Write out the data below in full, unchanged, minus the images.

____

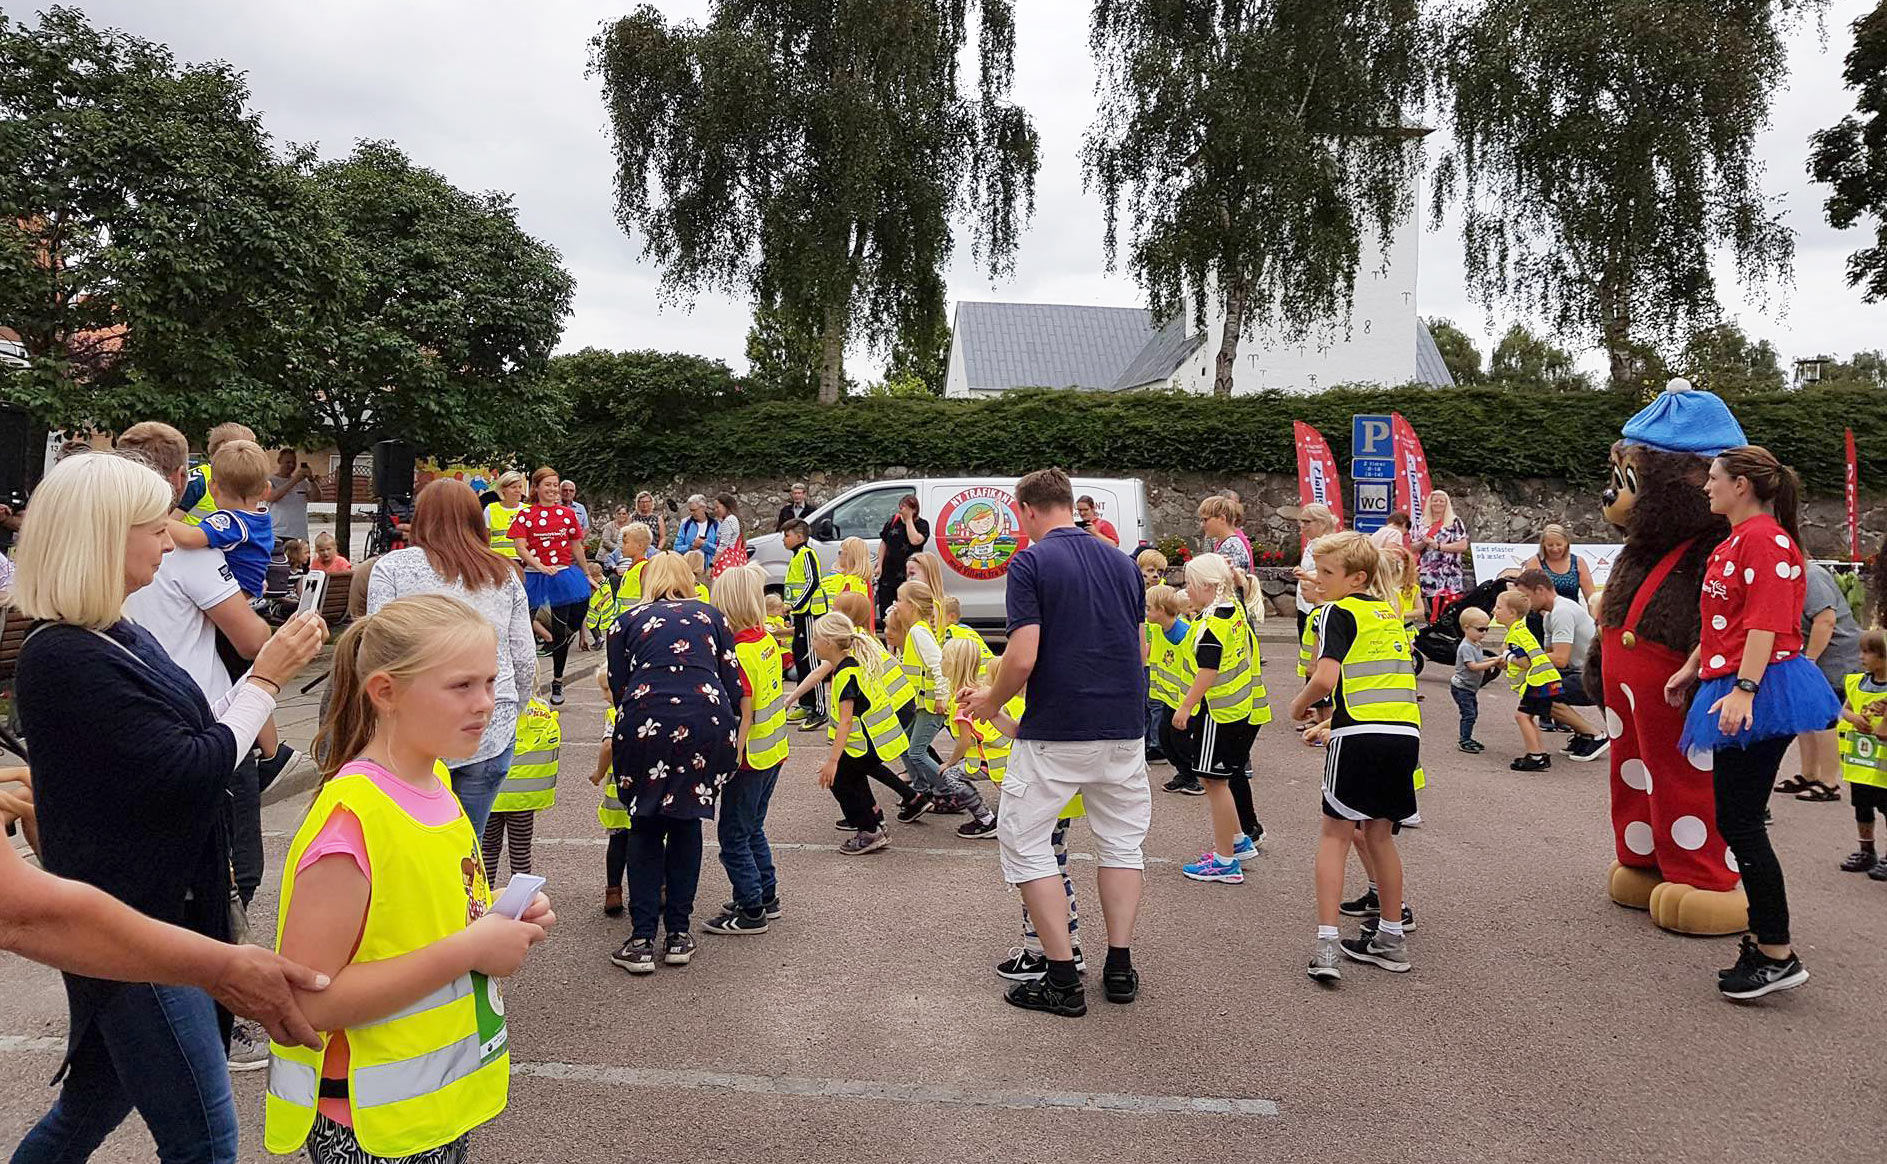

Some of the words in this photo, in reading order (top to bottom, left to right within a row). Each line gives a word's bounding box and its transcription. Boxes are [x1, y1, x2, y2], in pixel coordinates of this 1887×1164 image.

[1361, 420, 1390, 453] P
[950, 495, 964, 508] NY
[963, 488, 1015, 506] TRAFIKANT
[1360, 497, 1387, 510] WC

____

- [SOLUTION TO THE PROBLEM]:
Some of the words in this photo, in reading order (top to bottom, left to right within a row). Each line gives a word's bounding box and its transcription. Boxes are [x1, y1, x2, y2], in pixel coordinates of this 1887×1164 image.

[1361, 420, 1390, 453] P
[950, 495, 964, 508] NY
[963, 488, 1015, 506] TRAFIKANT
[1360, 497, 1387, 510] WC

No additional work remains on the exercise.